I agreed there is information, I use accel to detect activities after all [1], and with precise enough accel sensors we can read heart-rate too. However the setup in [2] uses smart phones but the article is about laptops. Different scale matters when it comes to acceleration (besides the fact that a major application of accel on phones is for games which need good sensors). While accel sensors perform well to detect orientation (stable state), detecting temporal changes in accel readings require high sample rate because you cannot keep it *accelerating* for long when displacement is short (think about taps-scale and it becomes more chaotic). If entering passwords we were tilting the keyboard, the way we do with pins on a phone they could be compared. Again, I agreed, you are right, with enough time, high enough sample-rate, on many devices the error will average out and you get some bits of information (interesting enough to write a paper and work for some 3-letter organization).

[1] <https://www.amiigo.com>
[2] <https://www.schneier.com/blog/archives/2013/02/guessing_s...>

Nocera: iio-sensor-proxy 1.0 is out!

oldtomas — Sat, 23 May 2015 12:48:04 +0000

To put Wahern's statement in other words: if you communicate slowly enough through your channel [1] (in Wahern's words: if you get enough attempts at it) you can compensate for any noise level (assuming the noise is uncorrelated to the signal). So yes, you can inch your way towards the password a fraction of a bit at a time. And a related attack has been demonstrated already [2]

[1] <https://en.wikipedia.org/wiki/Noisy-channel_coding_theorem>
[2] <https://www.schneier.com/blog/archives/2013/02/guessing_s...>

Nocera: iio-sensor-proxy 1.0 is out!

dashesy — Sat, 23 May 2015 02:45:02 +0000

If lets say accelerometer chip has 14 bits (+2 bits of noise), having 1.1mg/LSB is normal, they can be used to detect taps or double taps (with varying degree of success depending on sensor). This is not same as microphones, that after all have to be accurate or our ears will detect the smallest glitches. The original purpose of these accel chips is for manufacturers to detect a free fall, to void warranty. But yes you could be right, with high enough sample rate and capturing enough data.

Nocera: iio-sensor-proxy 1.0 is out!

wahern — Sat, 23 May 2015 02:01:34 +0000

Care to provide a rigorous elaboration and proof of that assertion?

The accuracy and precision necessary to provide a consistent user experience are far stronger than what can be useful to a password sniffing scheme. The past decade has seen tremendous advancements in side-channel attacks, and particularly the ability to derive useful bits from system noise. Maybe you can't deduce the password from a single input session, but 10? 100? 1000?
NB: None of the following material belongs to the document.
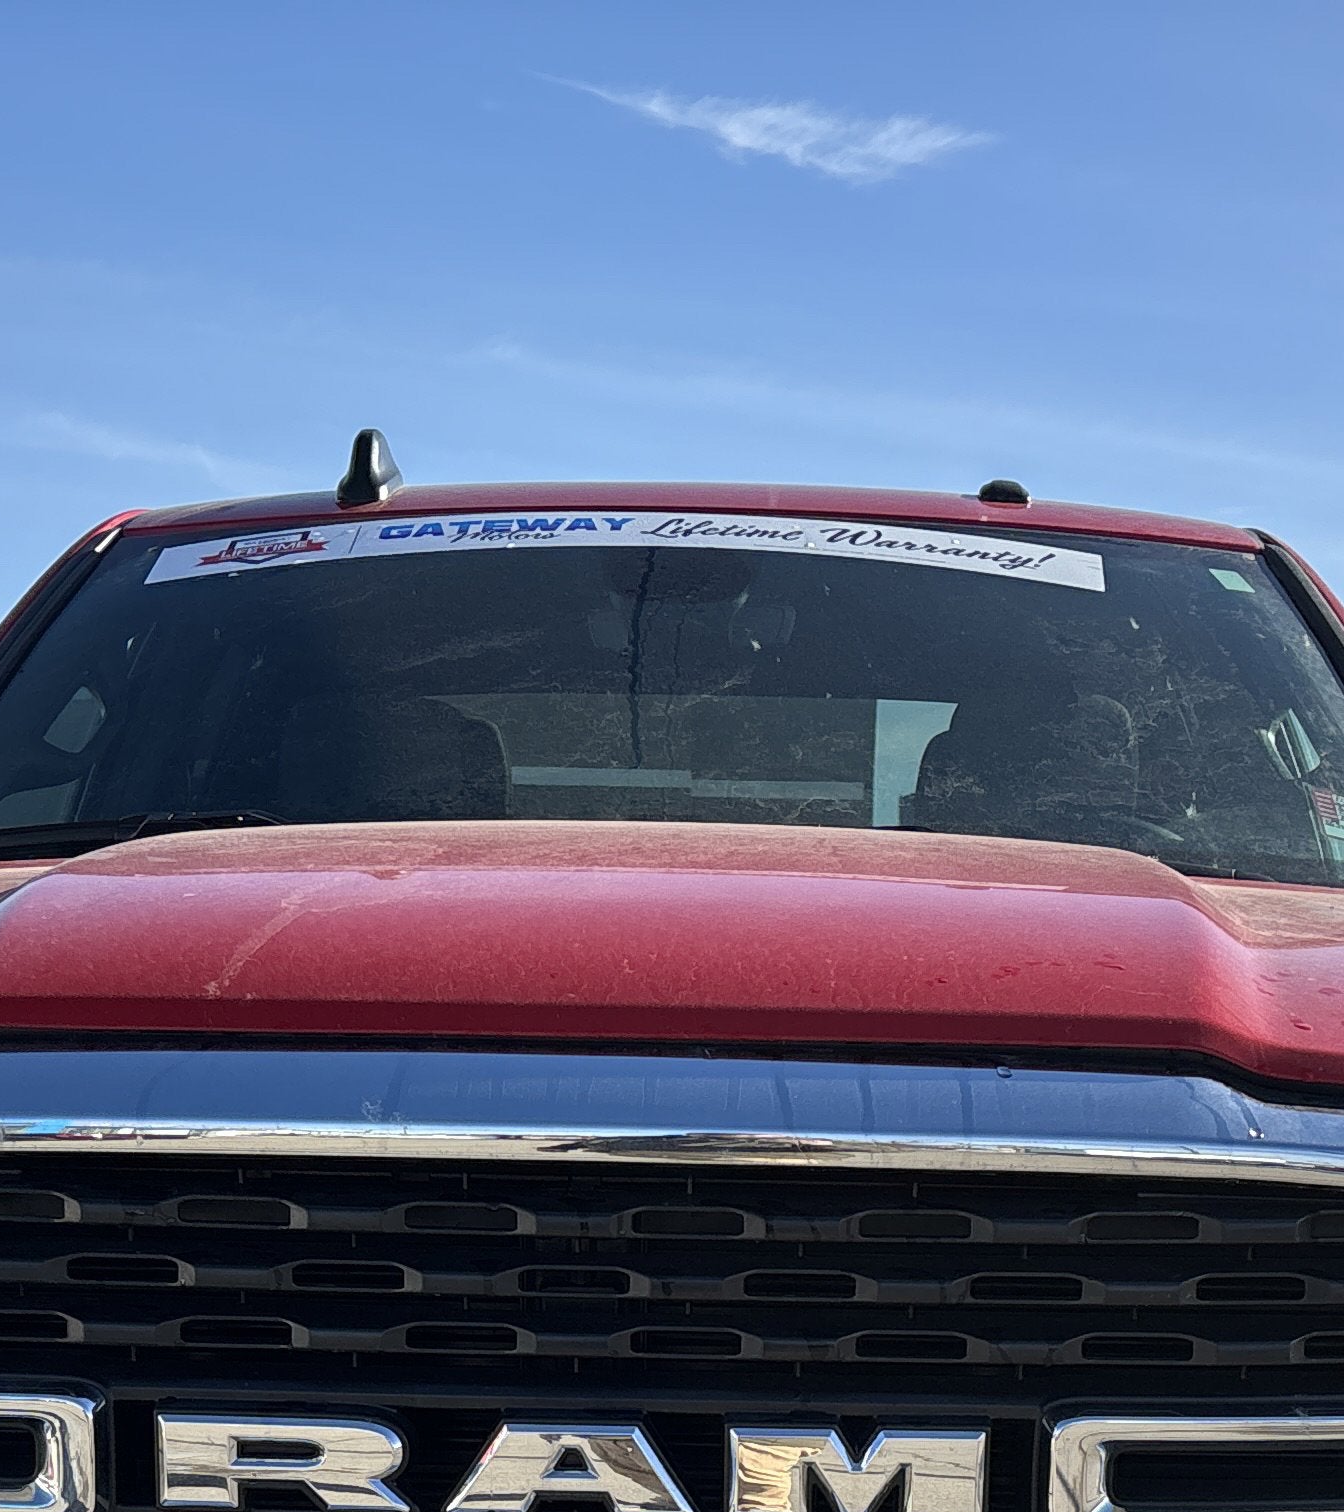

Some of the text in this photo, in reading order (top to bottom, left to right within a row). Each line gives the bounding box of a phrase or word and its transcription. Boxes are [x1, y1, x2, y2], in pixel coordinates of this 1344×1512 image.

Basically, if you can't provide a proof of security--at a minimum, proof of constraints that can be usefully applied to gauge security--it's best to either assume it's possible, or at the very least abstain from asserting that it's impossible or probably impossible.

Nocera: iio-sensor-proxy 1.0 is out!

dashesy — Fri, 22 May 2015 23:06:02 +0000

It depends on the accelerometer sensor precision, if the key strokes fall below noise level then no amount of cleverness would suffice.

Nocera: iio-sensor-proxy 1.0 is out!

josh — Fri, 22 May 2015 22:38:55 +0000

For anyone wondering about the security issues with raw accelerometer readings: a sufficiently clever application could use accelerometer readings to get a pretty good idea about what the user typed. At the very least, that can provide enough information to drastically reduce the number of guesses required to get someone's password or passphrase.